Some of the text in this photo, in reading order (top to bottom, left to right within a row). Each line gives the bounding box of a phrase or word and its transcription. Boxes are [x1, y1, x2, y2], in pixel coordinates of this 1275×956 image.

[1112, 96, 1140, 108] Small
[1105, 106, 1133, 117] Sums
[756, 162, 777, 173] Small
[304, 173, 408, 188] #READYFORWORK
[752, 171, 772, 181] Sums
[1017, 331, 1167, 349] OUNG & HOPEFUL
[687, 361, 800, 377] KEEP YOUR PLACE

-----

• WORK REQUIRED:
Would you please write out the entries again exactly?

• SOLUTION TO THIS EXERCISE:
Some of the text in this photo, in reading order (top to bottom, left to right within a row). Each line gives the bounding box of a phrase or word and its transcription. Boxes are [x1, y1, x2, y2], in pixel coordinates of this 1275×956 image.

[1112, 96, 1140, 108] Small
[1105, 106, 1133, 117] Sums
[756, 162, 777, 173] Small
[304, 173, 408, 188] #READYFORWORK
[752, 171, 772, 181] Sums
[1017, 331, 1167, 349] OUNG & HOPEFUL
[687, 361, 800, 377] KEEP YOUR PLACE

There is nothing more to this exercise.